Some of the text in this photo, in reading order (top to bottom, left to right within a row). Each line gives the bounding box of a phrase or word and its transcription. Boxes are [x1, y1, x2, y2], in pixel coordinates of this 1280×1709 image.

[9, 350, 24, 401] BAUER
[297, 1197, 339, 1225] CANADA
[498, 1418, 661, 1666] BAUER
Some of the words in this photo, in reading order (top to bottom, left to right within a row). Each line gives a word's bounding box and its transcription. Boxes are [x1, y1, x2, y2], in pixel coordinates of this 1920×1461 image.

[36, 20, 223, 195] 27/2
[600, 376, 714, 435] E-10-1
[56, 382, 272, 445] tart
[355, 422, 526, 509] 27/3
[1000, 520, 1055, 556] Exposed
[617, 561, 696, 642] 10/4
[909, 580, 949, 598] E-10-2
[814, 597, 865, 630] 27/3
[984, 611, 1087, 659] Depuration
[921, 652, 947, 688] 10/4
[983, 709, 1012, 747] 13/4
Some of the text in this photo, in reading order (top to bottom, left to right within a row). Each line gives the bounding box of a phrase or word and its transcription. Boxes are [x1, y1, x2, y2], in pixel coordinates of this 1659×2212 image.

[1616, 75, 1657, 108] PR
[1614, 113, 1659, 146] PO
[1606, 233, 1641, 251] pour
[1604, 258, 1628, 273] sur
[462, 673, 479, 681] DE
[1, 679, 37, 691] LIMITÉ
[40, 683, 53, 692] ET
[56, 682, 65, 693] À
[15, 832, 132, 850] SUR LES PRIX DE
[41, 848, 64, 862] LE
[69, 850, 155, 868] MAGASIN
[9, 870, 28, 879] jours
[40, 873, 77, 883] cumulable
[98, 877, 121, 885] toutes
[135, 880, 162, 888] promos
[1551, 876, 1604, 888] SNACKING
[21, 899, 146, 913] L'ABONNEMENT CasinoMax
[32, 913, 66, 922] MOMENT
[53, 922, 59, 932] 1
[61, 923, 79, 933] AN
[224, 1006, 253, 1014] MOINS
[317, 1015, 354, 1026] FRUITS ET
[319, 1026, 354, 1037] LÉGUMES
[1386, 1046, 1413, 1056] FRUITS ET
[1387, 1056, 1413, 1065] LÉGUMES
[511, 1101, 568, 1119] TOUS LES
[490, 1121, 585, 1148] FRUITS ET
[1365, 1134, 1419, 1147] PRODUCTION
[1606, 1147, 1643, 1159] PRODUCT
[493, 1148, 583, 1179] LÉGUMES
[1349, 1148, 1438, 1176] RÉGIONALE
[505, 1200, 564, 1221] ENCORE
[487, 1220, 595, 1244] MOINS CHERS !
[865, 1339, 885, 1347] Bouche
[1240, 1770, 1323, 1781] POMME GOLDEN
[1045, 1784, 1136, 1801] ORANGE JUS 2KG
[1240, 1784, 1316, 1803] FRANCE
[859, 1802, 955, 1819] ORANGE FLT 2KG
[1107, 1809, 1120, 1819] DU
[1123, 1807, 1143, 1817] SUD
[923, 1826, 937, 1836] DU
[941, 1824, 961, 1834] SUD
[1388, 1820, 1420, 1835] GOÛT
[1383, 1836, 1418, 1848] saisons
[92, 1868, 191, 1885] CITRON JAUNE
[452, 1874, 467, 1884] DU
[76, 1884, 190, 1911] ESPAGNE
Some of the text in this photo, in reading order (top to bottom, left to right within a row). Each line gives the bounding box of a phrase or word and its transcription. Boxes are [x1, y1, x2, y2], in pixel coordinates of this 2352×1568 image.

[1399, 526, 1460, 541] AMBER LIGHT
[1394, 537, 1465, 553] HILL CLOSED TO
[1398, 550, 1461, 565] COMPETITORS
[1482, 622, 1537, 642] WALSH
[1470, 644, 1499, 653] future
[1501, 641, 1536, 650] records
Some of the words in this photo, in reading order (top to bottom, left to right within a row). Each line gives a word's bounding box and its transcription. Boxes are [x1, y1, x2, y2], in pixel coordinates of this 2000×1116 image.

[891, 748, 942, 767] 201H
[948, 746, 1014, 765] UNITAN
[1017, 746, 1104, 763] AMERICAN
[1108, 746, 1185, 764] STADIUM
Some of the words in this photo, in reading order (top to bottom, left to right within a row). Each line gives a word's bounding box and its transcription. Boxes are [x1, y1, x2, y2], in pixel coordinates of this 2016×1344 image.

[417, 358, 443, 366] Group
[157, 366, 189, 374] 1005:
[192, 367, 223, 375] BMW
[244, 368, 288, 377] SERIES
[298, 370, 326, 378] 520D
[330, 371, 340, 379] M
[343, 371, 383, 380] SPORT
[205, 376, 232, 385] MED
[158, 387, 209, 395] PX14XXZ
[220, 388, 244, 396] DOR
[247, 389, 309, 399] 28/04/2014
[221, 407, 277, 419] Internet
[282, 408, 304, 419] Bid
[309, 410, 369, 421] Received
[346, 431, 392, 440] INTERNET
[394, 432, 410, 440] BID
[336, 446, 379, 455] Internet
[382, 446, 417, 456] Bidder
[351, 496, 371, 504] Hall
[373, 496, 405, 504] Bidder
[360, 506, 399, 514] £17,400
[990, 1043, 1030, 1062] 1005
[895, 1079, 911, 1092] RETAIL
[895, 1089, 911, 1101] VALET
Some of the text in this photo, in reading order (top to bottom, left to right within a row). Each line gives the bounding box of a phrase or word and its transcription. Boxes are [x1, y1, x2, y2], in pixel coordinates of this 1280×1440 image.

================

Output the whole listing word for word.

Some of the text in this photo, in reading order (top to bottom, left to right within a row). Each line gives the bounding box of a phrase or word and its transcription. Boxes are [x1, y1, x2, y2], in pixel coordinates of this 1280×1709 image.

[9, 350, 24, 401] BAUER
[297, 1197, 339, 1225] CANADA
[498, 1418, 661, 1666] BAUER
Some of the words in this photo, in reading order (top to bottom, left to right within a row). Each line gives a word's bounding box and its transcription. Boxes are [x1, y1, x2, y2], in pixel coordinates of this 1920×1461 image.

[36, 20, 223, 195] 27/2
[600, 376, 714, 435] E-10-1
[56, 382, 272, 445] tart
[355, 422, 526, 509] 27/3
[1000, 520, 1055, 556] Exposed
[617, 561, 696, 642] 10/4
[909, 580, 949, 598] E-10-2
[814, 597, 865, 630] 27/3
[984, 611, 1087, 659] Depuration
[921, 652, 947, 688] 10/4
[983, 709, 1012, 747] 13/4
Some of the text in this photo, in reading order (top to bottom, left to right within a row). Each line gives the bounding box of a phrase or word and its transcription. Boxes are [x1, y1, x2, y2], in pixel coordinates of this 1659×2212 image.

[1616, 75, 1657, 108] PR
[1614, 113, 1659, 146] PO
[1606, 233, 1641, 251] pour
[1604, 258, 1628, 273] sur
[462, 673, 479, 681] DE
[1, 679, 37, 691] LIMITÉ
[40, 683, 53, 692] ET
[56, 682, 65, 693] À
[15, 832, 132, 850] SUR LES PRIX DE
[41, 848, 64, 862] LE
[69, 850, 155, 868] MAGASIN
[9, 870, 28, 879] jours
[40, 873, 77, 883] cumulable
[98, 877, 121, 885] toutes
[135, 880, 162, 888] promos
[1551, 876, 1604, 888] SNACKING
[21, 899, 146, 913] L'ABONNEMENT CasinoMax
[32, 913, 66, 922] MOMENT
[53, 922, 59, 932] 1
[61, 923, 79, 933] AN
[224, 1006, 253, 1014] MOINS
[317, 1015, 354, 1026] FRUITS ET
[319, 1026, 354, 1037] LÉGUMES
[1386, 1046, 1413, 1056] FRUITS ET
[1387, 1056, 1413, 1065] LÉGUMES
[511, 1101, 568, 1119] TOUS LES
[490, 1121, 585, 1148] FRUITS ET
[1365, 1134, 1419, 1147] PRODUCTION
[1606, 1147, 1643, 1159] PRODUCT
[493, 1148, 583, 1179] LÉGUMES
[1349, 1148, 1438, 1176] RÉGIONALE
[505, 1200, 564, 1221] ENCORE
[487, 1220, 595, 1244] MOINS CHERS !
[865, 1339, 885, 1347] Bouche
[1240, 1770, 1323, 1781] POMME GOLDEN
[1045, 1784, 1136, 1801] ORANGE JUS 2KG
[1240, 1784, 1316, 1803] FRANCE
[859, 1802, 955, 1819] ORANGE FLT 2KG
[1107, 1809, 1120, 1819] DU
[1123, 1807, 1143, 1817] SUD
[923, 1826, 937, 1836] DU
[941, 1824, 961, 1834] SUD
[1388, 1820, 1420, 1835] GOÛT
[1383, 1836, 1418, 1848] saisons
[92, 1868, 191, 1885] CITRON JAUNE
[452, 1874, 467, 1884] DU
[76, 1884, 190, 1911] ESPAGNE
Some of the text in this photo, in reading order (top to bottom, left to right within a row). Each line gives the bounding box of a phrase or word and its transcription. Boxes are [x1, y1, x2, y2], in pixel coordinates of this 2352×1568 image.

[1399, 526, 1460, 541] AMBER LIGHT
[1394, 537, 1465, 553] HILL CLOSED TO
[1398, 550, 1461, 565] COMPETITORS
[1482, 622, 1537, 642] WALSH
[1470, 644, 1499, 653] future
[1501, 641, 1536, 650] records
Some of the words in this photo, in reading order (top to bottom, left to right within a row). Each line gives a word's bounding box and its transcription. Boxes are [x1, y1, x2, y2], in pixel coordinates of this 2000×1116 image.

[891, 748, 942, 767] 201H
[948, 746, 1014, 765] UNITAN
[1017, 746, 1104, 763] AMERICAN
[1108, 746, 1185, 764] STADIUM
Some of the words in this photo, in reading order (top to bottom, left to right within a row). Each line gives a word's bounding box and its transcription. Boxes are [x1, y1, x2, y2], in pixel coordinates of this 2016×1344 image.

[417, 358, 443, 366] Group
[157, 366, 189, 374] 1005:
[192, 367, 223, 375] BMW
[244, 368, 288, 377] SERIES
[298, 370, 326, 378] 520D
[330, 371, 340, 379] M
[343, 371, 383, 380] SPORT
[205, 376, 232, 385] MED
[158, 387, 209, 395] PX14XXZ
[220, 388, 244, 396] DOR
[247, 389, 309, 399] 28/04/2014
[221, 407, 277, 419] Internet
[282, 408, 304, 419] Bid
[309, 410, 369, 421] Received
[346, 431, 392, 440] INTERNET
[394, 432, 410, 440] BID
[336, 446, 379, 455] Internet
[382, 446, 417, 456] Bidder
[351, 496, 371, 504] Hall
[373, 496, 405, 504] Bidder
[360, 506, 399, 514] £17,400
[990, 1043, 1030, 1062] 1005
[895, 1079, 911, 1092] RETAIL
[895, 1089, 911, 1101] VALET
Some of the text in this photo, in reading order (top to bottom, left to right within a row). Each line gives the bounding box of a phrase or word and its transcription. Boxes are [x1, y1, x2, y2], in pixel coordinates of this 1280×1440 image.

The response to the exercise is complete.